**Data records:**
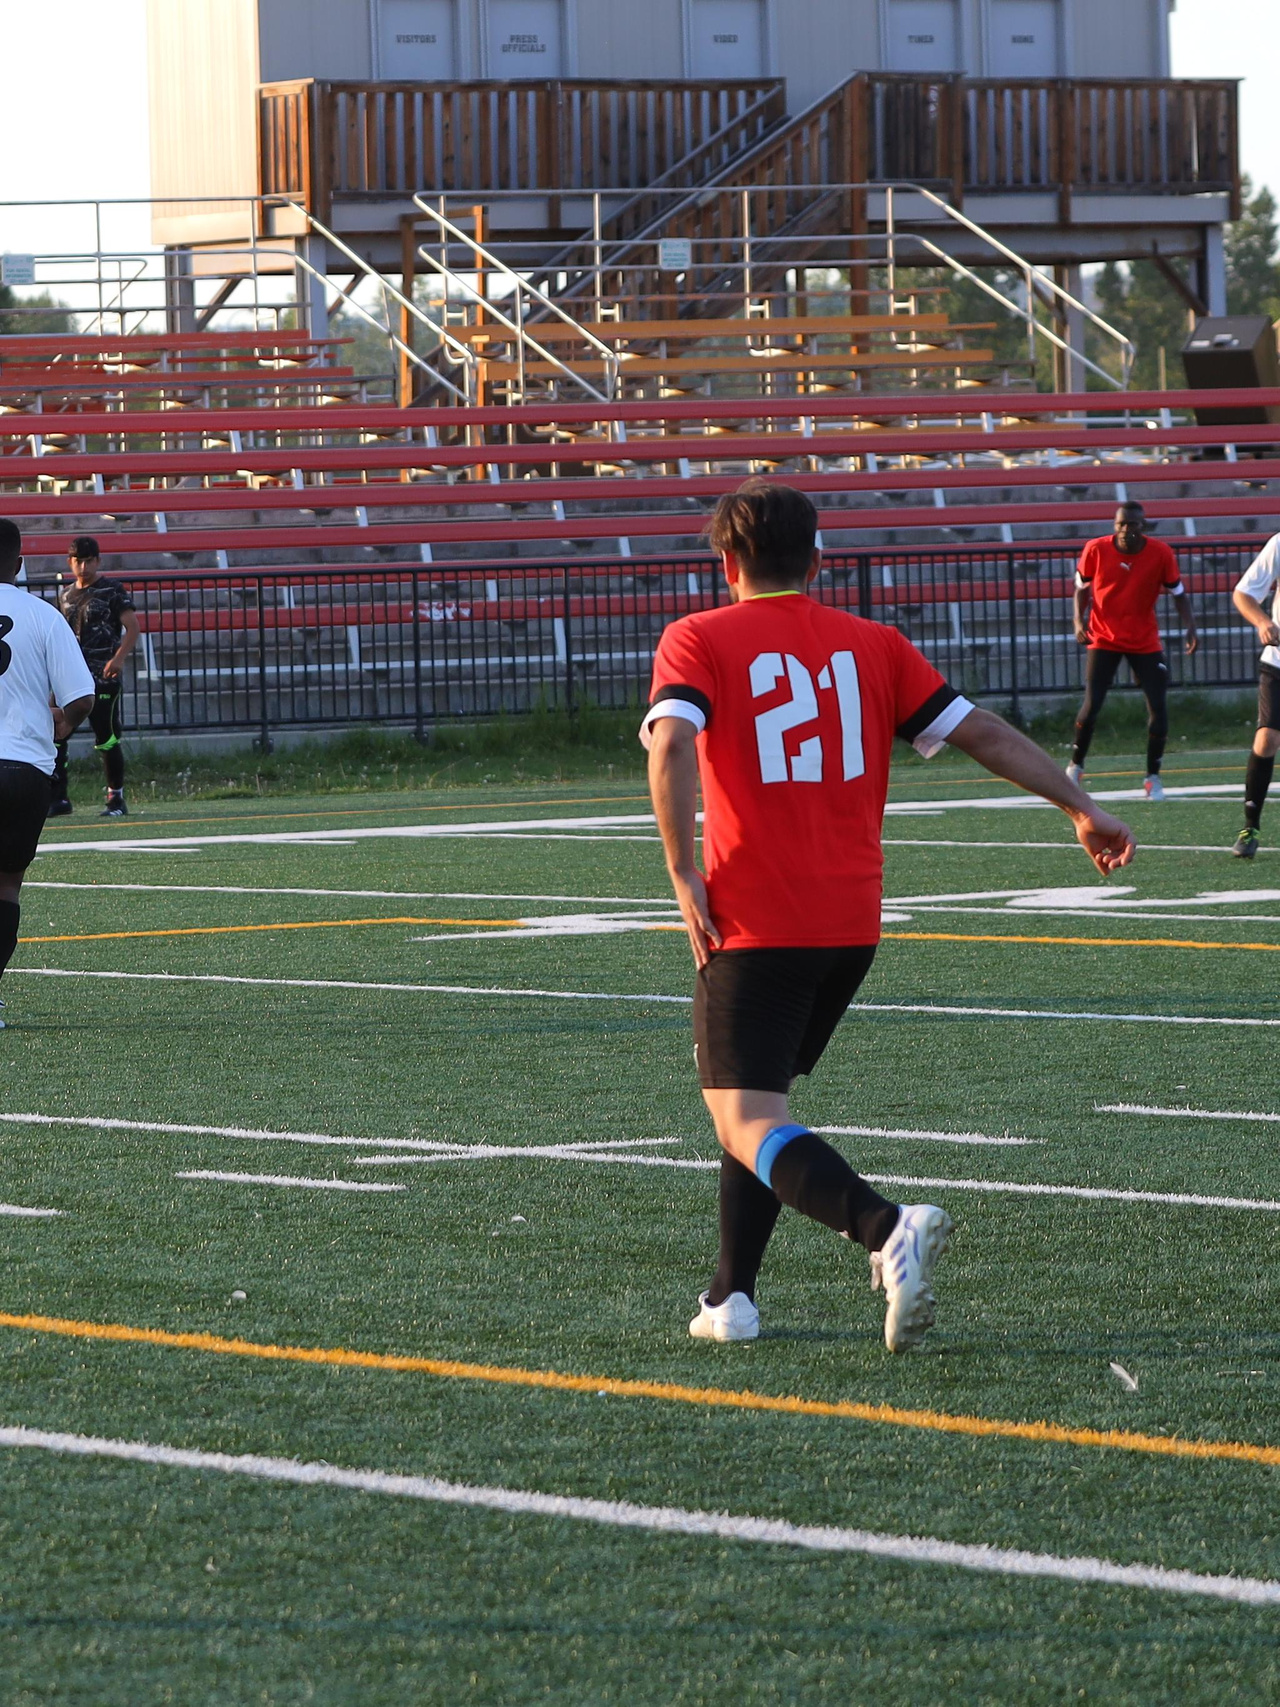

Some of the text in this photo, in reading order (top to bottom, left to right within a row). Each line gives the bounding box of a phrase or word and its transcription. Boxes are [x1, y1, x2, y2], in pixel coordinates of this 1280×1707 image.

[396, 34, 437, 43] VISITORS
[510, 34, 538, 43] PRESS
[502, 43, 546, 52] OFFICIALS
[748, 650, 866, 784] 21

**What you need to do:** What is needed is an exact copy of the data, without any pictures.

**Written solution:**
Some of the text in this photo, in reading order (top to bottom, left to right within a row). Each line gives the bounding box of a phrase or word and its transcription. Boxes are [x1, y1, x2, y2], in pixel coordinates of this 1280×1707 image.

[396, 34, 437, 43] VISITORS
[510, 34, 538, 43] PRESS
[502, 43, 546, 52] OFFICIALS
[748, 650, 866, 784] 21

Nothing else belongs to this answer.